LAWS(CAL)-1990-8-38

COMMSSIONER OF INCOME TAX Vs. NAYEEMA MOMEM

Decided On August 30, 1990
COMMSSIONER OF INCOME TAX Appellant
V/S
SMT. NAYEEMA MOMEM Respondents

JUDGEMENT

(1.) IN this reference under S. 256 (1) of the IT Act, 1961 ('the Act') for the asst. yr. 1982-83 the following question of law has been referred to this Court: "Whether, on the facts and in the circumstances of the case and on a correct interpretation of the two lease deeds dt. 1st Dec., 1980 and 17th Feb., 1981, the Tribunal was justified in law in holding that investments of Rs. 2,15,755 made by the lessees in the construction of the third and fourth floors of the building did not have any characteristic of rent and in that view, in further holding that 1/10th of the said amount is not assessable in the hands of the assessee as rent ?"S. 256 (1) of the IT Act, 1961 ('the Act') ss. 22 and 23 of the Act

(2.) SHORTLY stated, the facts are that the assessee owns a house property at 30, Circus Avenue, Calcutta-17. She undertook the construction of a five-storeyed building in the said premises but could complete the construction up to the second floor. Roofs of the third and fourth floors were laid but the construction could not be completed owing to lack of funds. The assessee leased out the third and fourth floors to A.B. Chowdhury and S.A. Salim by means of two several lease deed dt. 1st Dec., 1980 and 17th Feb., 1981, respectively. The terms of the two lease deeds are similar and they, inter alia, provided that the lessees would complete the construction of the third and fourth floors. They were permitted to sub-let the demised premises to tenants. It was further stipulated that A.B. Chowdhury and S.A. Salim would pay Rs. 2,500 and Rs. 1,500 per month, respectively, as rent to the lessor. The lessees in turn sub-let the third and fourth floors to a common sub-lessee, namely, Ceat Tyres of India Ltd., under two separate tenancy agreements, both dt. 17th March, 1981 and obtained interest-free advances from the sub-lessee for the purpose of completing the construction of third and fourth floors. The two lessees invested Rs. 1,17,480 and Rs. 98,000, respectively, in the construction of the two floors.
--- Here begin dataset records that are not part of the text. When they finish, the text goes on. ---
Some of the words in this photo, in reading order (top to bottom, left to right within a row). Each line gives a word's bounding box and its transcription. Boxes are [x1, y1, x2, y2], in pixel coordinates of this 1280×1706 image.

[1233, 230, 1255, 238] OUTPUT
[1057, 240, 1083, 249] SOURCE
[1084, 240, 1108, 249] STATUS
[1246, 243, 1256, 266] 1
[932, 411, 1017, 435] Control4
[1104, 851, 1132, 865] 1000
The total investments made by them in the construction amounted to Rs. 2,15,755. In accordance with the terms of the sub- leases, A.B. Chowdhury and S.A. Salim were to receive monthly rent of Rs. 5,600 and Rs. 4,400, respectively, from the common sub-tenant besides service charges at the rate of Rs. 2,800 and Rs. 1,650 per month.
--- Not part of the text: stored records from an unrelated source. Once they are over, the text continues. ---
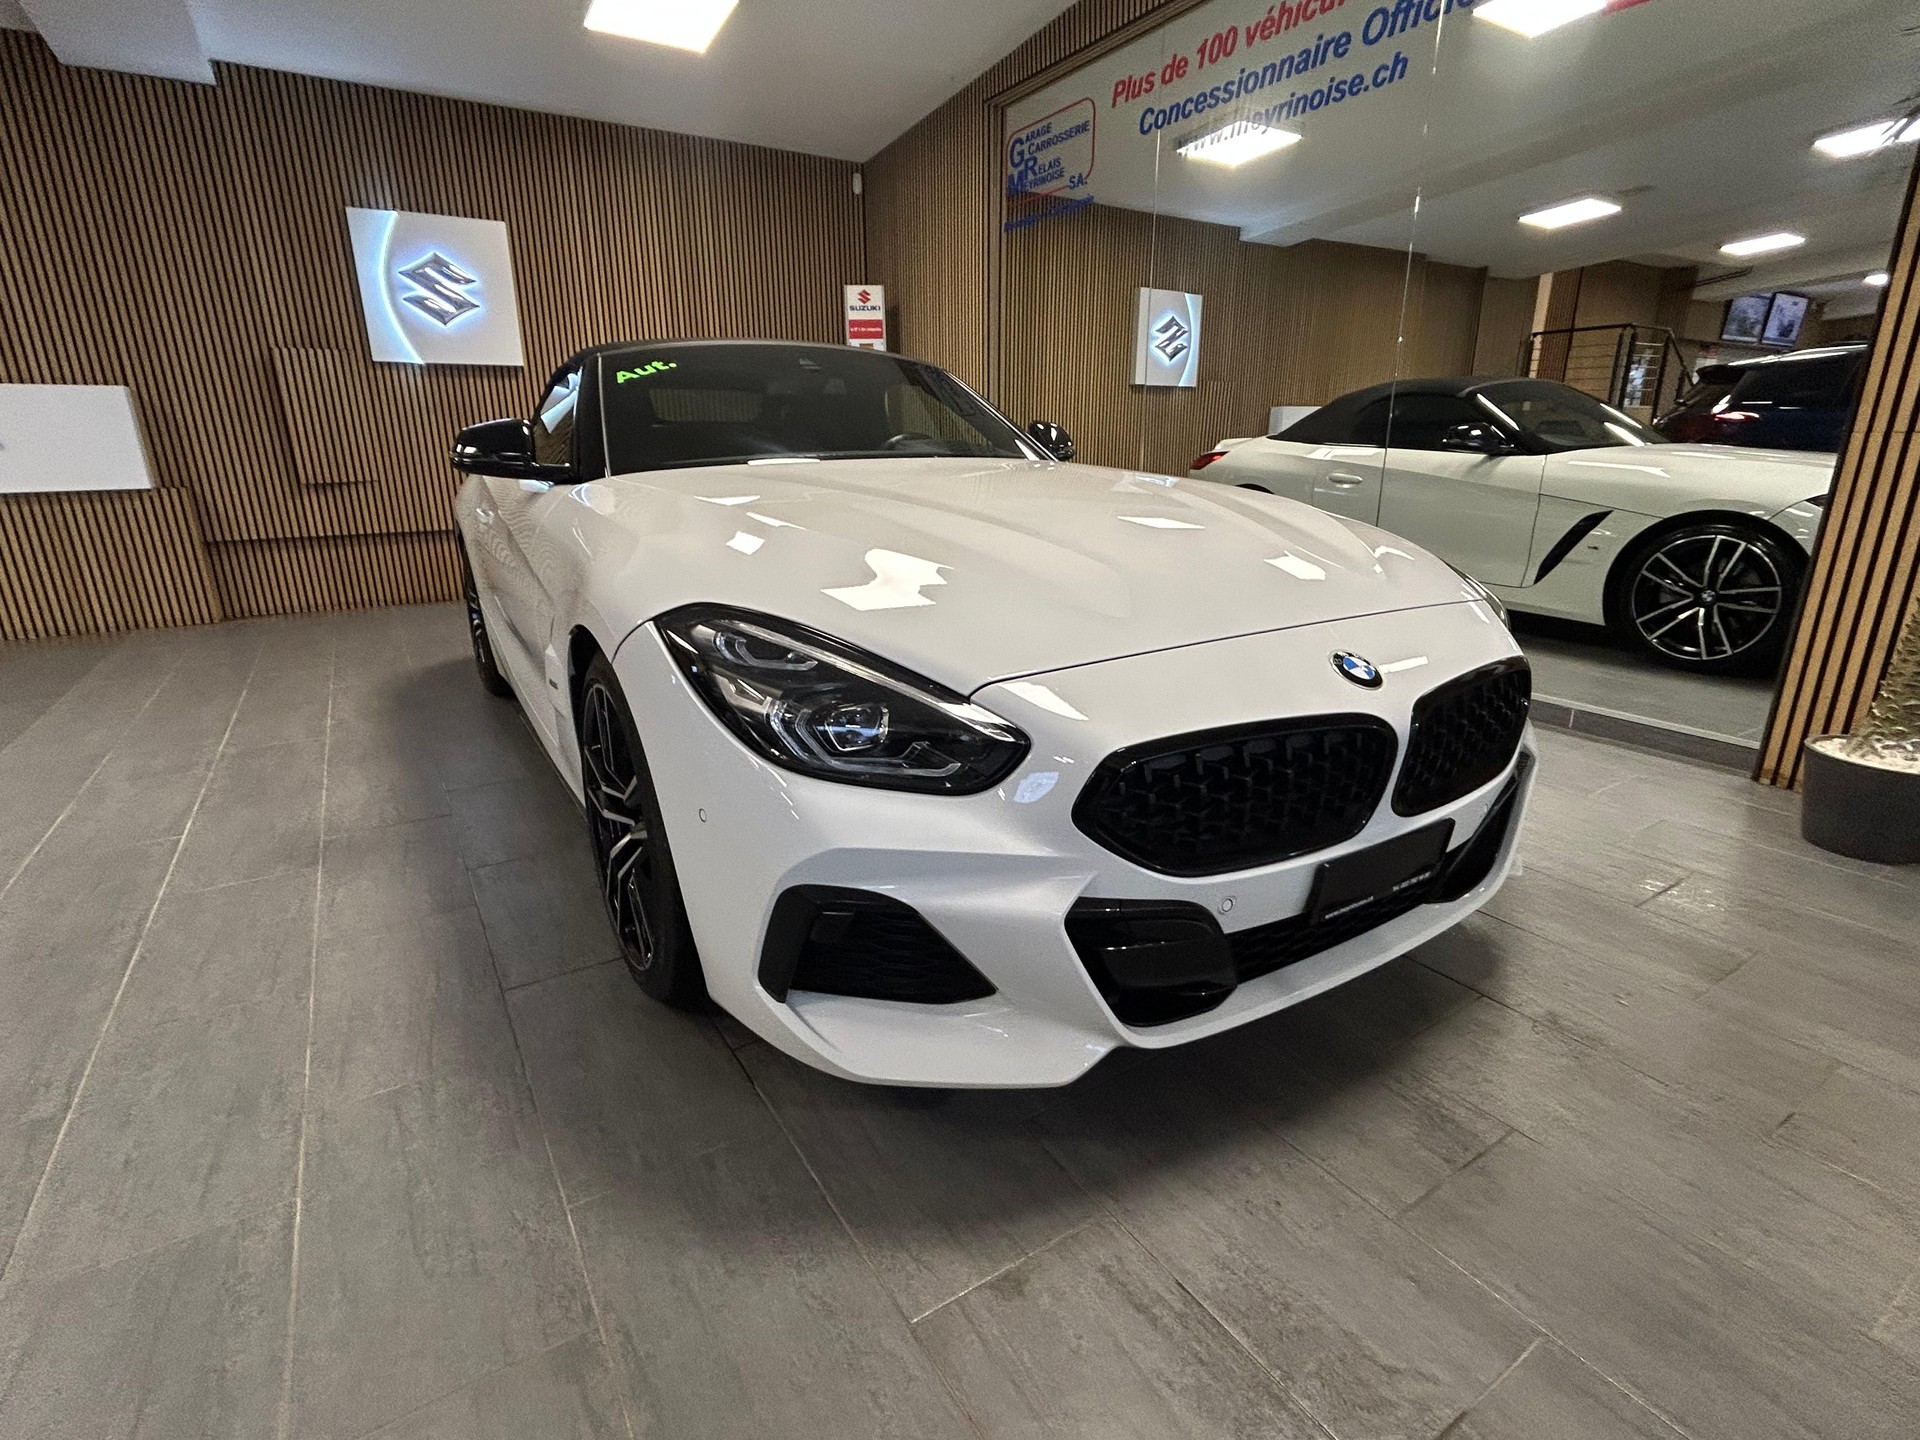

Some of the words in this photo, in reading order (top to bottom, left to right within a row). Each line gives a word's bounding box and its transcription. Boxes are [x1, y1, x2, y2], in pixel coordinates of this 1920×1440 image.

[1111, 70, 1158, 109] Plus
[1160, 53, 1189, 86] de
[1196, 25, 1239, 69] 100
[1245, 0, 1346, 48] véhicu
[1139, 31, 1352, 136] Concessionnaire
[1027, 120, 1091, 156] CARROSSERIE
[849, 304, 881, 312] SUZUKI
[616, 361, 678, 384] Aut.
(3.) THE assessee appealed to the AAC before whom it was contended on behalf of the assessee that since the lessees took lease of the third and fourth floors under valid lease agreements from the assessee and obtained advance to fund from their common tenant, the ITO was not justified in treating the expenses incurred by the lessees as advance of loan for ten years and treating 1/10th thereof as rental income of the assessee. It was further contended that the investments made by the lessees were capital in nature and the same would not be taxed even in the hands of the lessees.